The 70 foot long fishing vessel Edna May collided with the 184 meter long, 37456 dwt tanker Iver Prosperity 25 miles south of Martha’s Vineyard, Massachusetts. The tanker was heading for Providence loaded with a cargo of petroleum when it struck the Edna May. The Edna May sustained minor cosmetic damage while the tanker showed hull damage along the starboard section. The Coast Guard was alerted to the incident and dispatched the Coast Guard cutter Coho to the scene. The Coho escorted the Edna May back to port in Tiverton. The Iver Prosperity proceed to Providence where it will be surveyed for damage. No reports of injuries or pollution released on either vessel. The Coast Guard has launched an investigation into the incident.
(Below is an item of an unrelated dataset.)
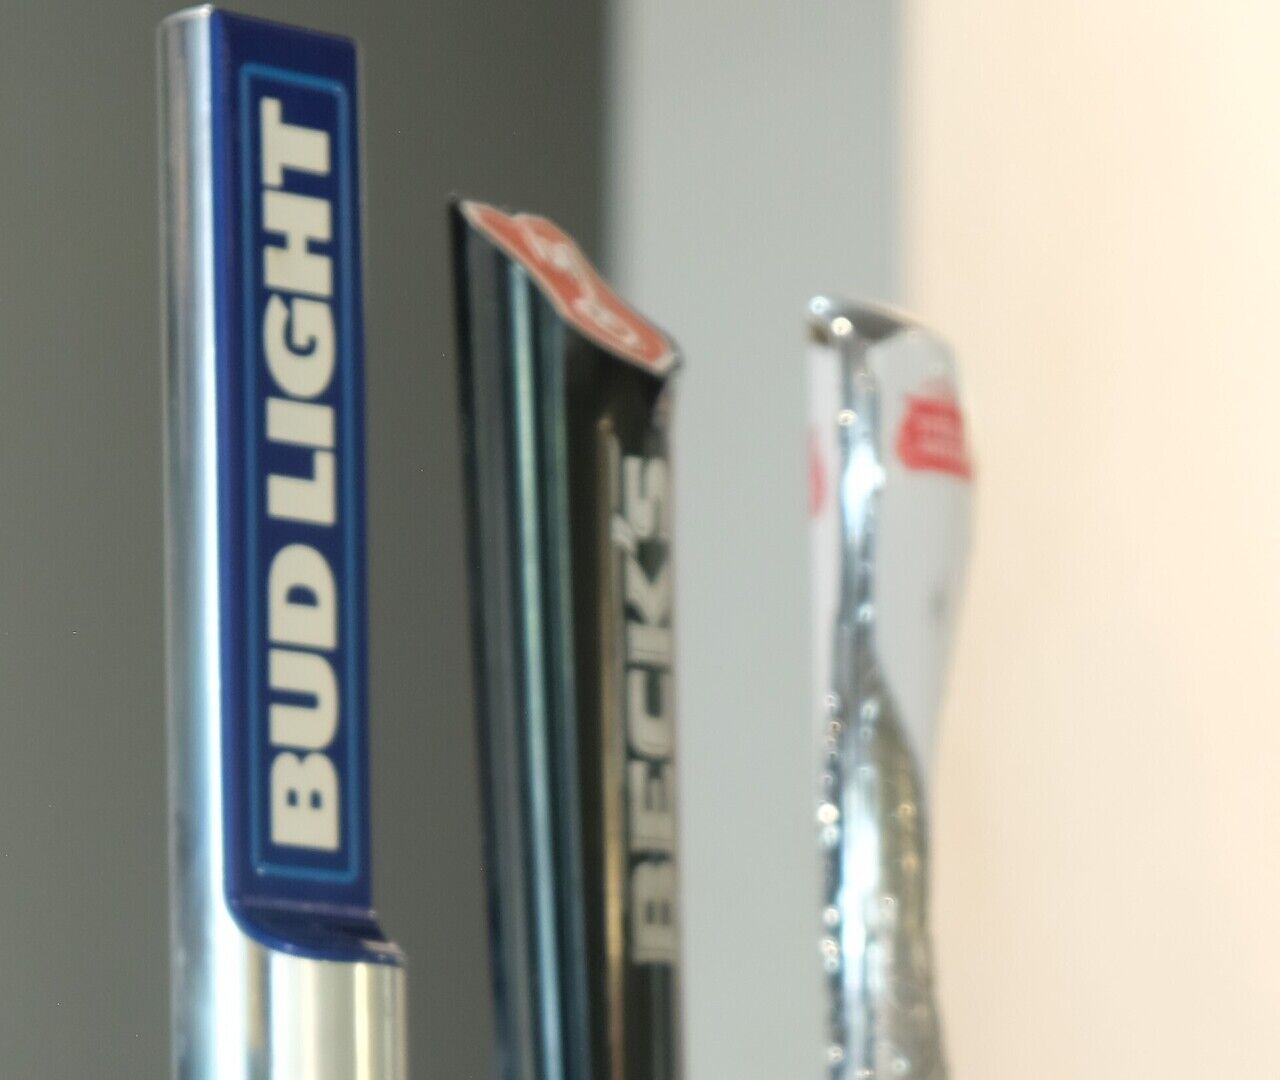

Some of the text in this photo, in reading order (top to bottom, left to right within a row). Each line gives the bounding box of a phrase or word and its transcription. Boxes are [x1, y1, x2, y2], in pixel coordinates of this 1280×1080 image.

[259, 97, 340, 851] BUD LIGHT
[611, 456, 673, 963] BECK'S
On January 9, the 62 foot long tugboat Gulf Man sank 6 miles northeast of Andros Island, Bahamas. The Gulf Man with a barge under tow departed from Miami bound for the Bahamas when it sprung a leak. With the crew unable to control the flooding, the vessel began to sink. The Coast Guard received an alert from the Gulf Man‘s emergency position tracking radio beacon (EPIRB) and launched a MH-60 Jayhawk helicopter to the scene. The helicopter arrived on scene and hoisted all three crew off the sinking tug. No reports of injuries. The helicopter flew the crew to Nassau, Bahamas. No further details reported.
On December 9, the 88 foot long fishing vessel Sea Angels ran aground in Browns Inlet, North Carolina. The fishing vessel had suffered mechanical failure and went adrift. The crew sent out a distress call requesting assistance from the Coast Guard. The Coast Guard dispatched a 45-foot response boat along with a MH-60 Jayhawk helicopter to the scene and hoisted all four crewmen to safety off the Sea Angels. No reports of injuries.
Authorities state the Sea Angels went ashore in an area used by the United States Marine Corps for live-fire training. Since the 1940s, Browns Inlet has been prohibited due to the presence of unexploded ordnance scattered on the seafloor making salvage extremely dangerous.
Reports state the owners of the Sea Angels has hired a contractor to remove fuel off the fishing vessel. Authorities estimate 15,000 gallons of diesel fuel needs to be removed off the Sea Angels.